Masza

Masza

środa, 26 marca 2014

Spotkanie "po latach"

Dzień jest cudowny. Wybrałam się z Maszą do Parku Bródnowskiego, ponieważ tam nas nie było, jednak prawdziwy powód był inny - Klaudia i Masza spotkają się pierwszy raz na "wolności". Na razie siedzimy pod wiadomym napisem i kosztujemy kąpieli słonecznej.

Rozmawiając przez telefon z Klaudią usłyszałam w głosie Rozmówczyni ogromne przejęcie. Ciekawa jestem reakcji Maszy. Ta na razie jest nieświadoma spotkania. Ja też nie mogę doczekać się. W końcu dzięki Klaudii Masza trafiła do mnie.

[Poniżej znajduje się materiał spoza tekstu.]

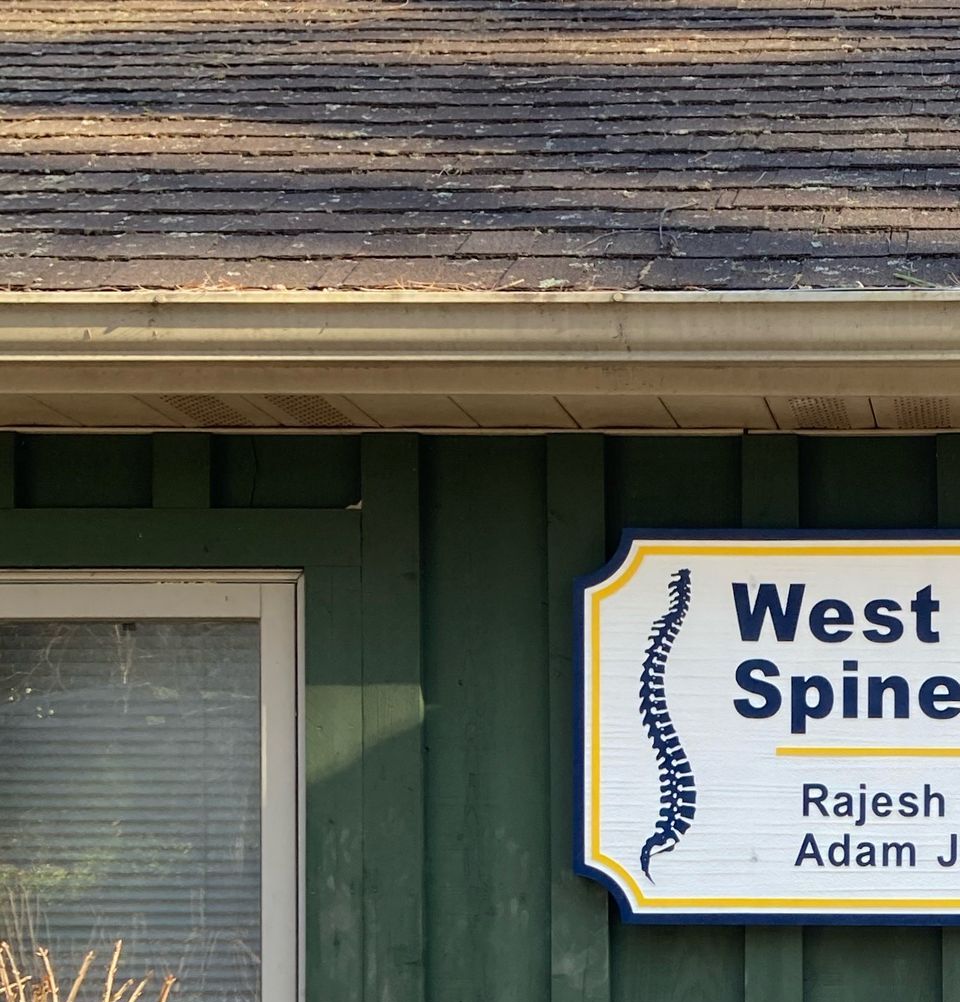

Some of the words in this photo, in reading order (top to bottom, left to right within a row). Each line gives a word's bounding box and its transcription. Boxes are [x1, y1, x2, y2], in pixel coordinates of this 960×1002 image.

[731, 582, 940, 644] West
[802, 783, 945, 827] Rajesh
[794, 833, 916, 868] Adam

Czekałyśmy. Ja pisałam wpis. Masza najpierw leżała obok mnie, potem zaczęła z nudów - a może z ciekawości - obwąciwała górkę. Klaudia nadchodząc zawowała Maszę, a ta ze zdziwieniem pobiegła w moim kierunku. Klaudia nie umiała ukryć radości i wzruszenia. A Masza? Najpierw ze swoją ostrożnością podeszła do Klaudii, ale po paru sekundach wijąc się - jak za dawnych czasów - podeszła i ucałowała Klaudię. Klaudia przyniosła pyszności, co pomogło Maszy w rozpoznaniu Wybawczyni. To było urocze widząc, jak Masza przypomniała sobie Klaudię. Masza ze swoim uśmiechem rozbroi każdego. To było wspaniałe spotkanie "po latach".